(Data begins)

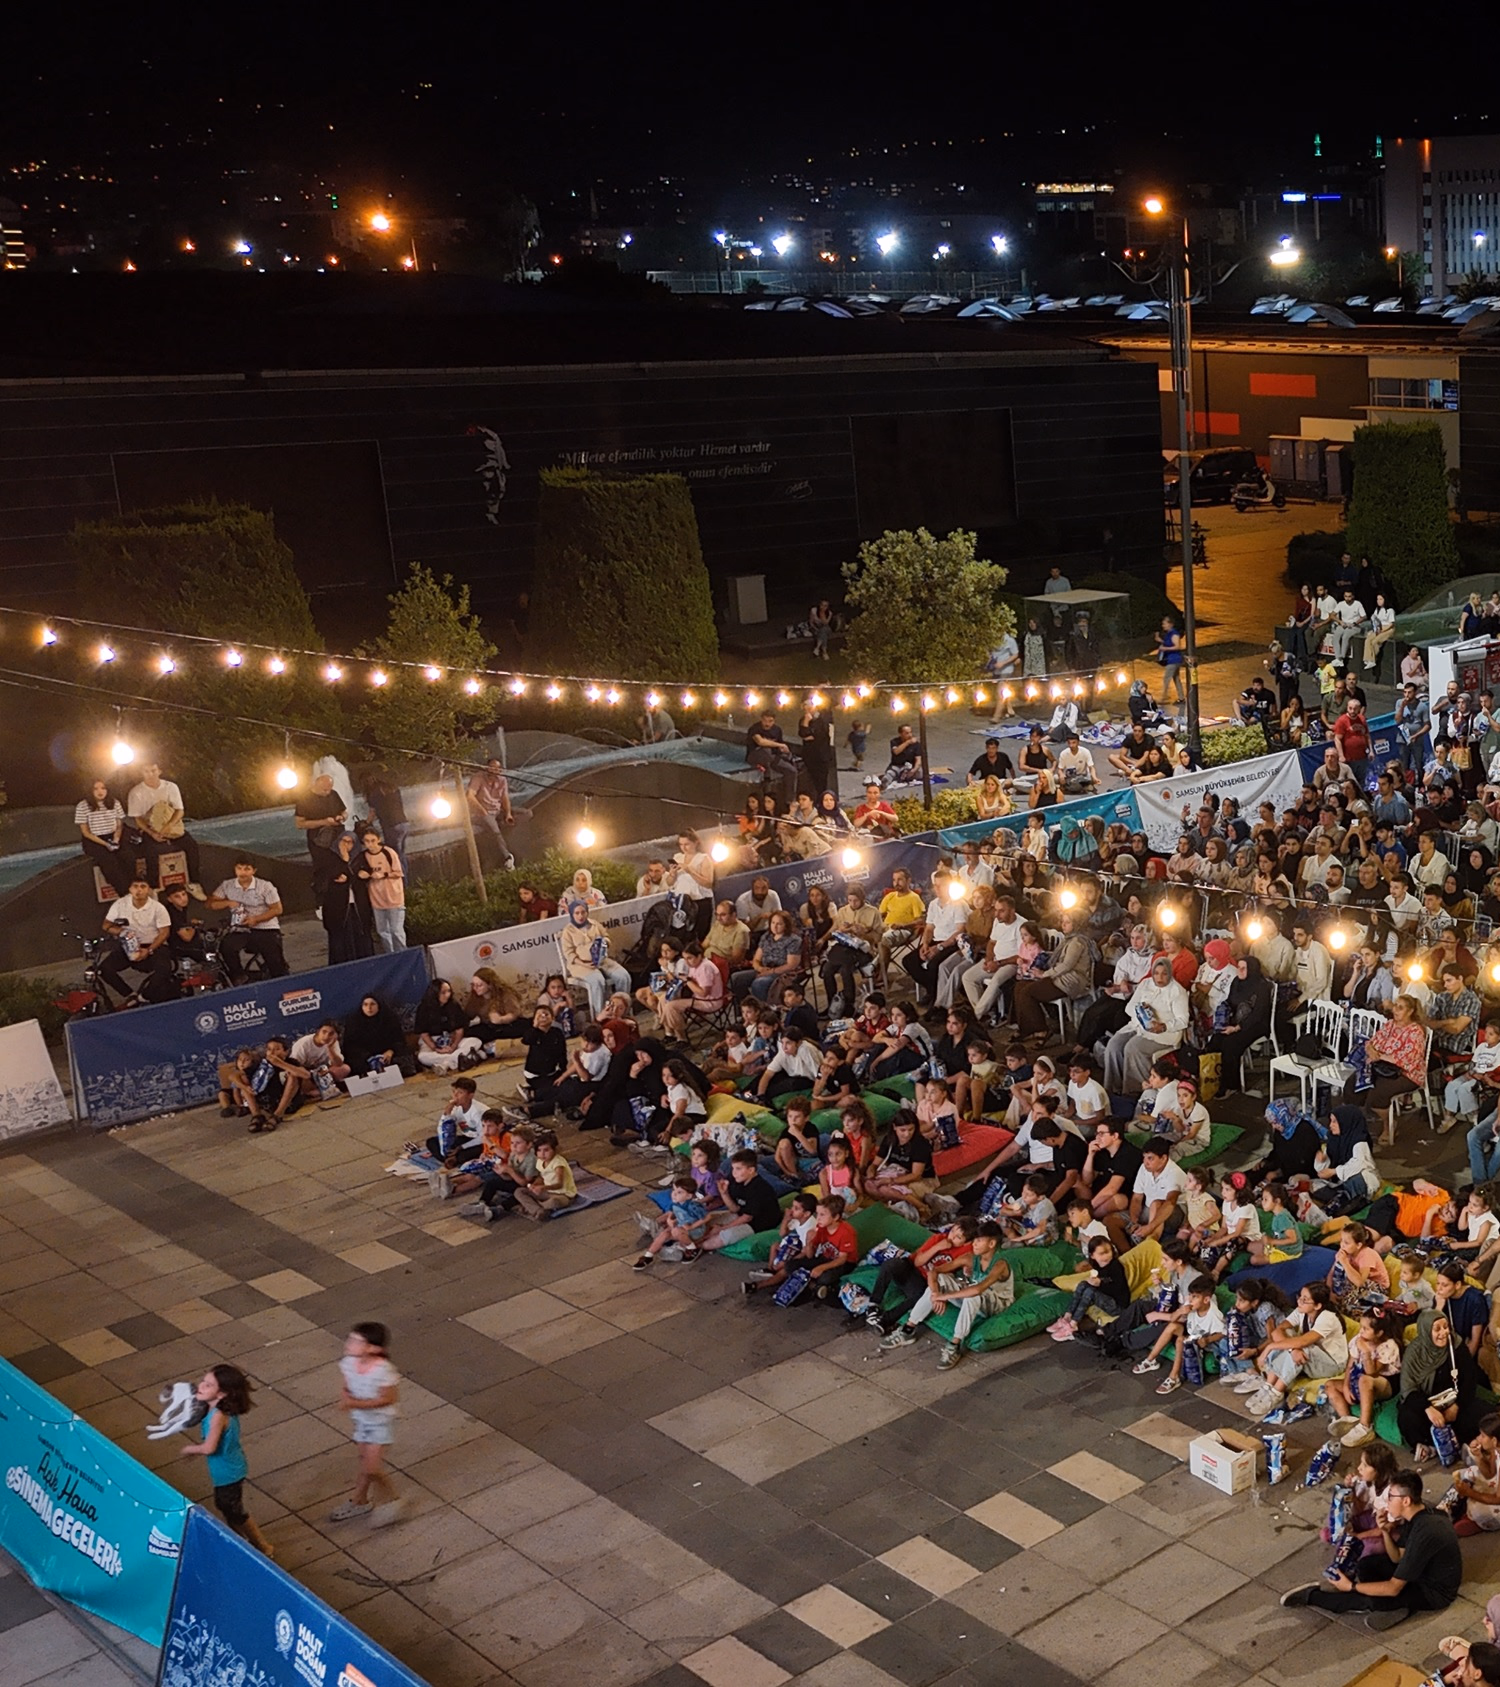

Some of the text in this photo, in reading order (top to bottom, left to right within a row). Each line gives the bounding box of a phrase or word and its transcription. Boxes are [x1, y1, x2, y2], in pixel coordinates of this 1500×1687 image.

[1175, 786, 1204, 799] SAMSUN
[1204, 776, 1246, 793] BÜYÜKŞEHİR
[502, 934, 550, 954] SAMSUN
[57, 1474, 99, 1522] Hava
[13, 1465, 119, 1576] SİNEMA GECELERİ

(Data ends)

_Task goal:_ The answer must be the whole listing, word for word, with no pictures in it. Please write it out.

_Response box:_
Some of the text in this photo, in reading order (top to bottom, left to right within a row). Each line gives the bounding box of a phrase or word and its transcription. Boxes are [x1, y1, x2, y2], in pixel coordinates of this 1500×1687 image.

[1175, 786, 1204, 799] SAMSUN
[1204, 776, 1246, 793] BÜYÜKŞEHİR
[502, 934, 550, 954] SAMSUN
[57, 1474, 99, 1522] Hava
[13, 1465, 119, 1576] SİNEMA GECELERİ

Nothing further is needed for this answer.